Boundaries Are Good For You

Esther Kuku explores the reasons for spiritual as well as self-imposed boundaries, and concludes having boundaries is a good thing

It’s never selfish to take care of yourself. Boundaries are good for our well-being; we all have limits and it’s important for us to embrace self-awareness and recognise that. Boundaries give us room to think, heal and plan, and they enable us to have healthy relationships with others.

The Bible talks about boundaries quite often. In fact, God chose clear examples of setting boundaries right at the start, in Genesis 1:2-4 — ‘The earth was a formless void and darkness covered the face of the deep, while a wind from God swept over the face of the waters. Then God said, “Let there be light”; and there was light. And God saw that the light was good; and God separated the light from the darkness.’

That separation of light from darkness was a boundary. Then later in Genesis 2:15-17 — ‘The Lord God took the man and put him in the Garden of Eden to work it and take care of it. And the Lord God commanded the man, “You are free to eat from any tree in the garden; but you must not eat from the tree of the knowledge of good and evil, for when you eat from it you will certainly die.”’

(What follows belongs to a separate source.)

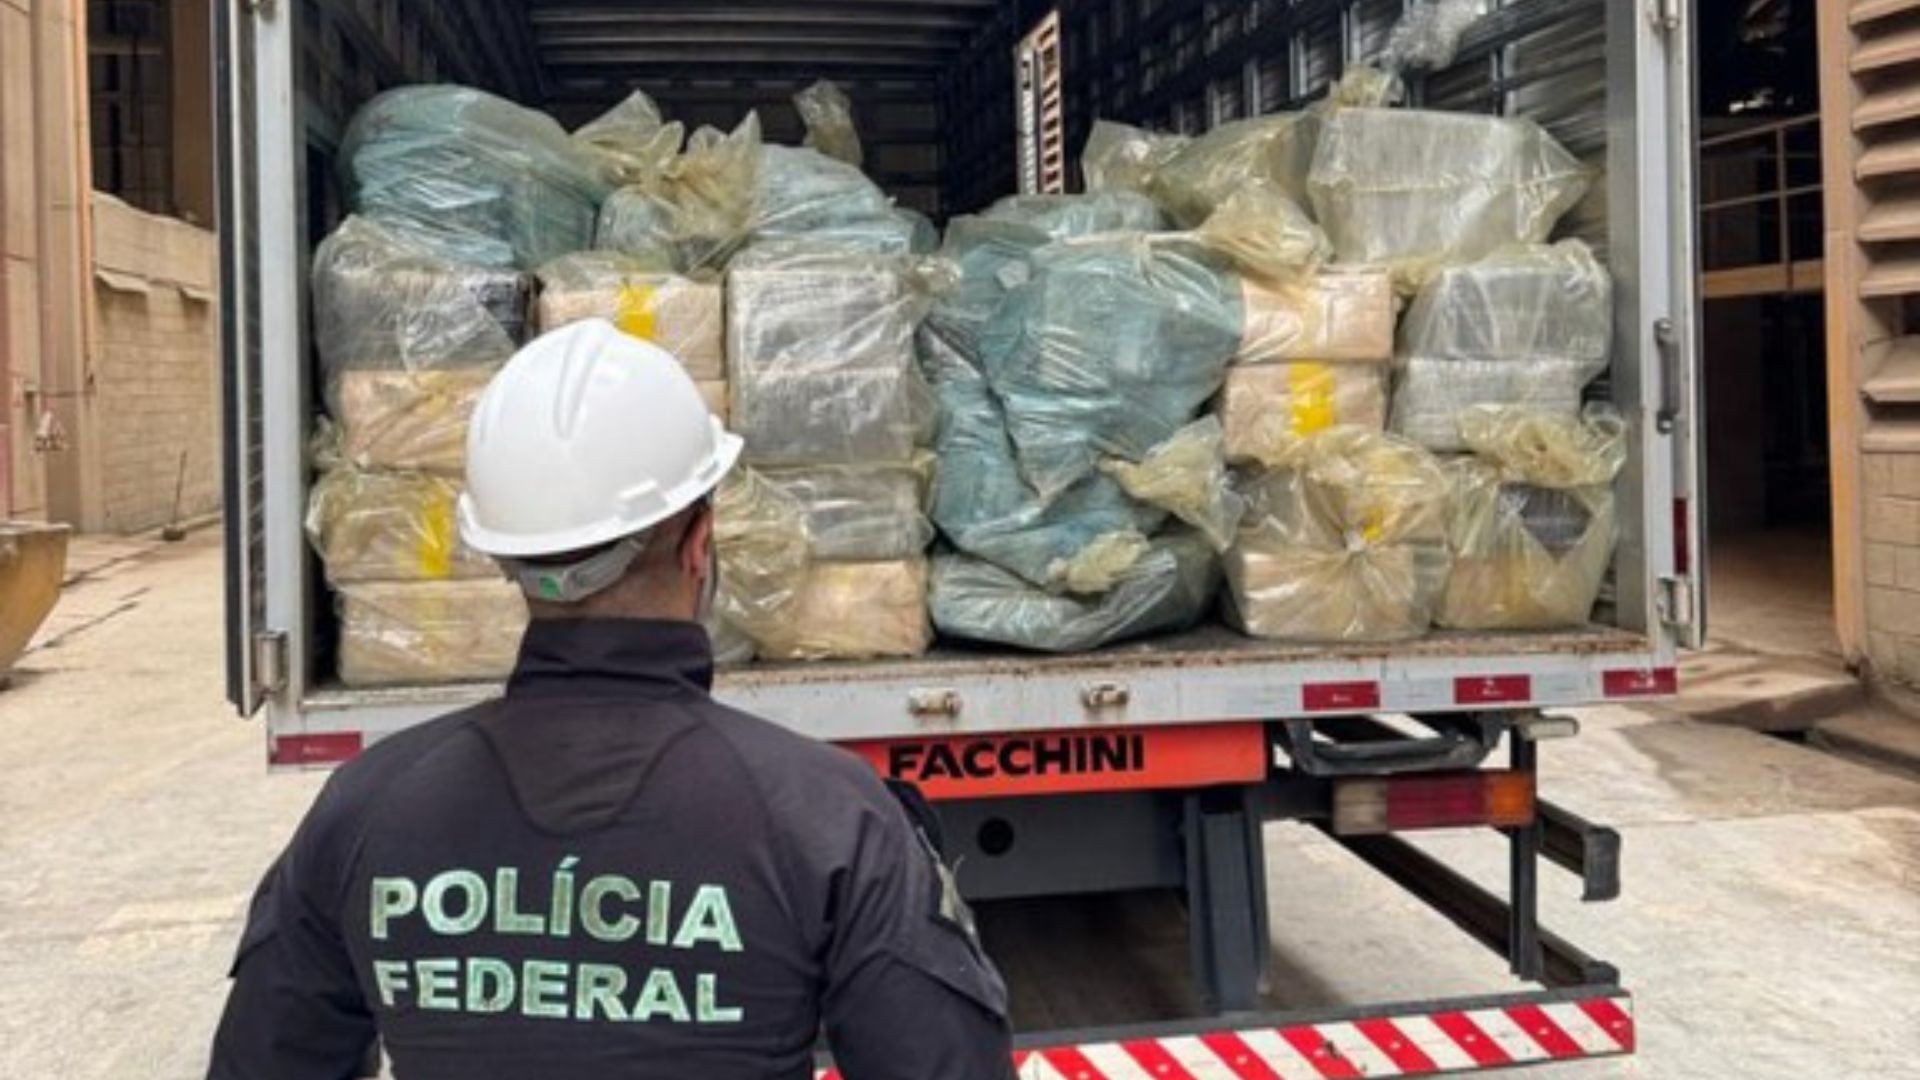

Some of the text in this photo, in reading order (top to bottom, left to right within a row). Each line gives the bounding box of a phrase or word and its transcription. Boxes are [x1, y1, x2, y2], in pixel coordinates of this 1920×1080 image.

God told Adam he was free, and he had been given liberty to eat from most of the Garden, but this one tree was a no. Another boundary — and this was for Adam’s protection. We see early in Scripture clear indication of the importance of boundaries to prevent us from harm; to help us understand the parameters of our freedom; and also to place value on ourselves or a certain aspect of our lives: marriage, children or our professional lives.

There are also examples of Jesus taking time away from others and not sharing everything with the people around Him. In John 2:24, the Bible says, “But Jesus would not entrust Himself to them, for He knew all people. He did not need any testimony about mankind, for He knew what was in each person.”

Psychology Today puts it like this: ‘The whole point of having boundaries is so that we can contain ourselves within the parameters of where I stop, and others begin.’ It’s not about keeping others out, as much as it is about defining who you are, what you think, and demonstrating the value you have for yourself and not negotiating who you are to please others.

We’ve all been there… You have a 101 things to do in terms of your personal responsibilities. Then, someone asks you to run an errand for them, you know if you say yes, it’s going to put you in a difficult position in terms of all the other commitments you’ve made for that day. Your head says, “No, I can’t help this person,” however your mouth says, “Yes, of course!” You then pay the consequences with your own mental health, plus being late for the commitments you had, simply because you didn’t set a boundary. For example, after 2:30pm, I can’t do meetings because I must collect the children from school. Between 9am and 2:30pm is more than enough time to change the world but, during this golden hour, the kids come first! That’s not mean; that’s a sensible and healthy boundary, and we all need to value ourselves enough to learn how to say No. Boundaries will help us to mitigate stress, and stress is a serious issue.

It’s vital we don’t adopt the idea that boundaries are inherently negative. In some Christian spaces, we have defined love as having no boundaries. If someone slaps you on one cheek, you give them the other. I think not. Verses like this don’t mean we shouldn’t stand up for ourselves!

Careful, broader reading of Scripture reveals that we are not obliged to engage with everyone we meet. If people are gossiping, being foolish, vulgar, using foul and inappropriate behaviour around you, that would be a boundary moment. The Bible actually tells us this can prevent us from becoming a fool ourselves.

Jesus was known for setting boundaries; He would take time away from people to pray. If He allowed what other people thought about Him to guide His decision-making, He would never have had time to be alone with God.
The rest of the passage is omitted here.